One Leg Shorter Than the Other? Now What?

According to, it is common for children and adults to experience one leg shorter than the other. For many, this can create an imbalance that can increase muscle tension and contribute to osteoarthritis in the long term. In extreme cases, an individual may walk with a limp or uneven gait. According to the Journal of Canadian Chiropractic Association, “Leg length discrepancy (LLD) is a common condition that results in uneven and excessive loading of not only knee joints but also hip joints and lumbar motion segments.” The body will attempt to compensate for leg length differences, creating strain on the spine, back, and muscles.

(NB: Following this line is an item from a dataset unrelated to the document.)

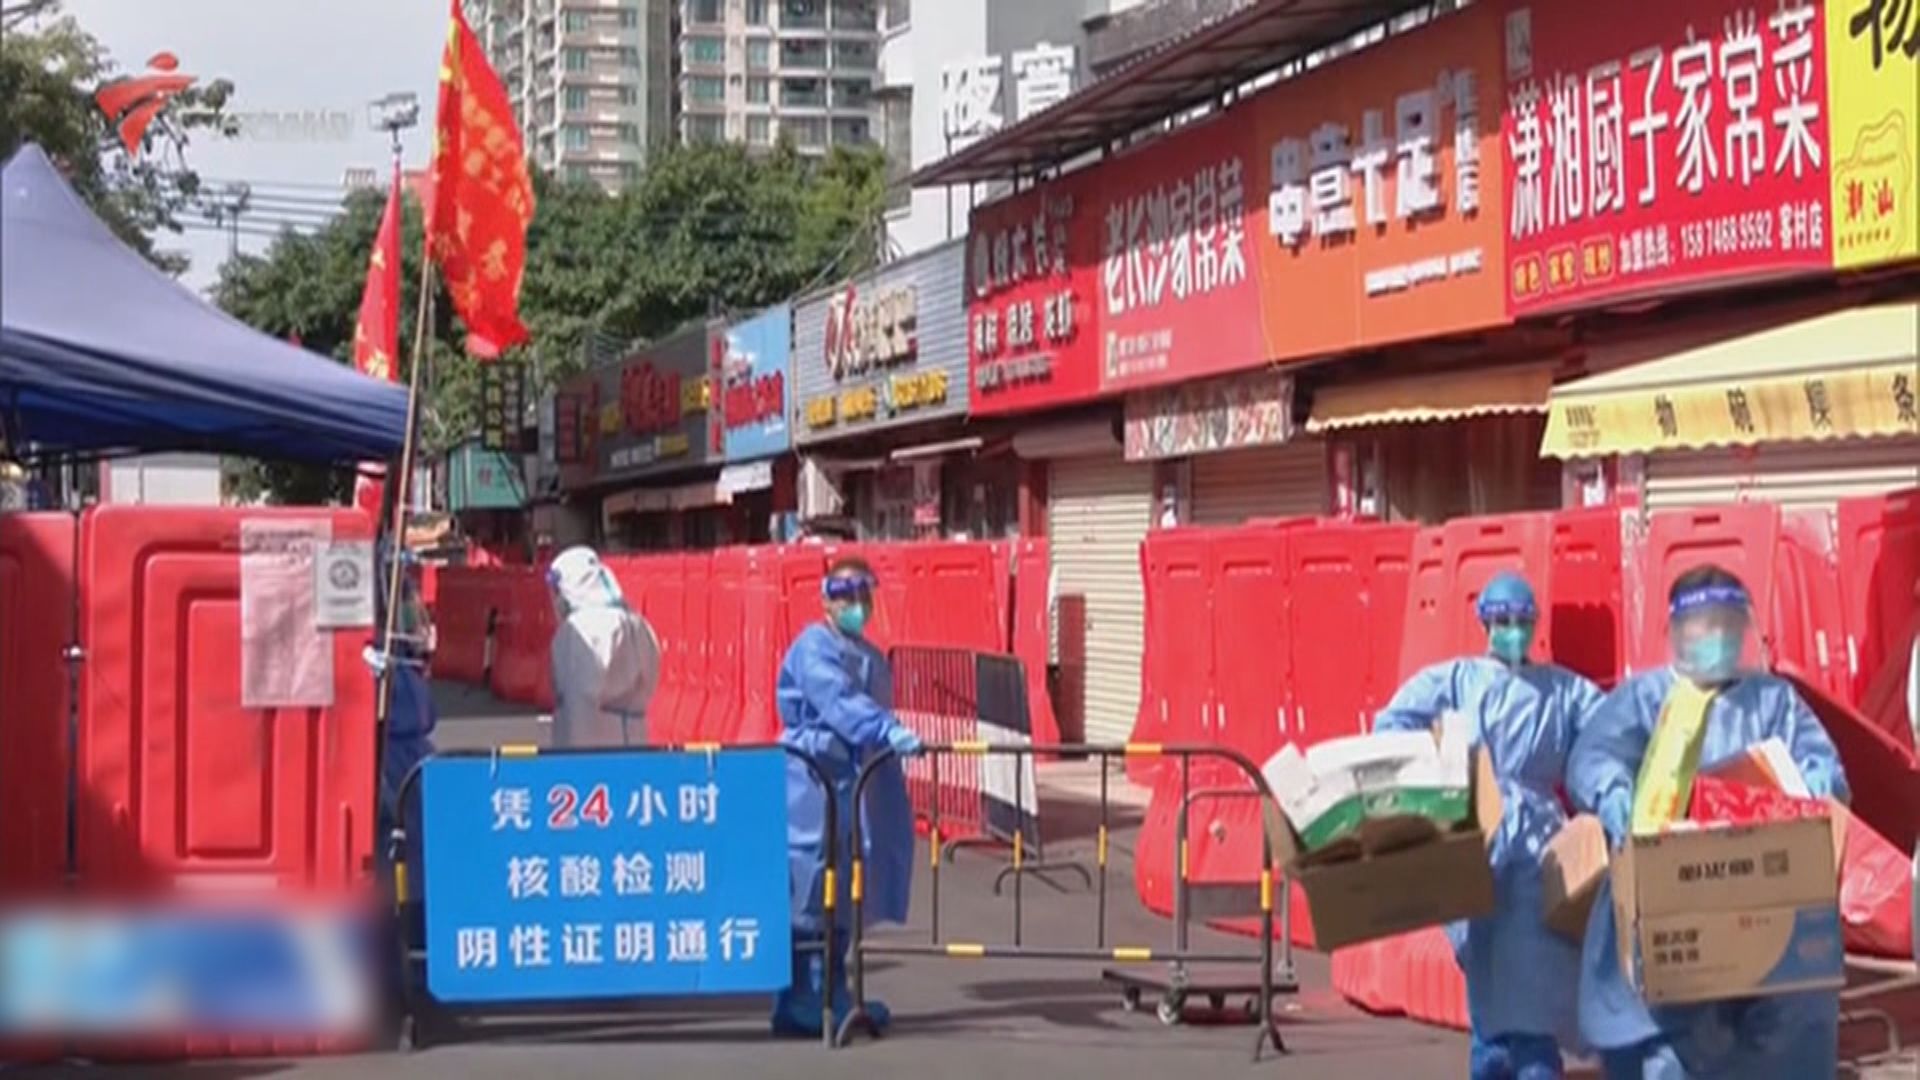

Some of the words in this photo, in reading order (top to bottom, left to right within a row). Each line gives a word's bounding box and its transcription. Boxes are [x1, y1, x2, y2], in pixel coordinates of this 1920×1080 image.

Do you have one leg shorter than the other? Find a friend or family member to help you quickly determine this for yourself (do not try this if you have health issues that could be aggravated). Wearing flat bottom, well-fitting shoes (preferably tennis shoes laced up), sit on the floor with your legs out in front of you. Pull yourself back and lay back on the floor. You should be lying with your back against the floor, and your legs straight. Let your feet naturally fall to the sides; do not move your legs. Have the other person gently lift your feet back to center, as if your feet were standing on a flat surface. Then have the person view the bottom of your feet next to one another. It would not be a surprise to find that the soles of your shoes do not match up - one will likely be “pulling up”/shorter than the other. You can do this several times to look for consistent results. Don’t worry if you aren’t sure, it can be a tricky test and takes practice!

If you suspect you have a leg length discrepancy and you experience back, shoulder, knee or hip strain, what can you do? A common solution is to use shoe inserts or shoe lifts to raise one side back up in alignment with the other. This solution assumes the leg length discrepancy is due to bones of different lengths - which may not be the case at all. As it turns out, leg length discrepancy can be caused by spinal misalignment and can be resolved with a chiropractic adjustment. After an adjustment, leg length discrepancies are often resolved. In fact, the resolution of leg length discrepancy is commonly used as a test to validate the effectiveness of a chiropractic adjustment.

Keeping your spine in alignment can alleviate unnecessary strain on your back and joints, and leg length discrepancy can help diagnose a spinal misalignment. Correcting the underlying problem, rather than creating artificial compensation, is the best approach for long term health and wellness.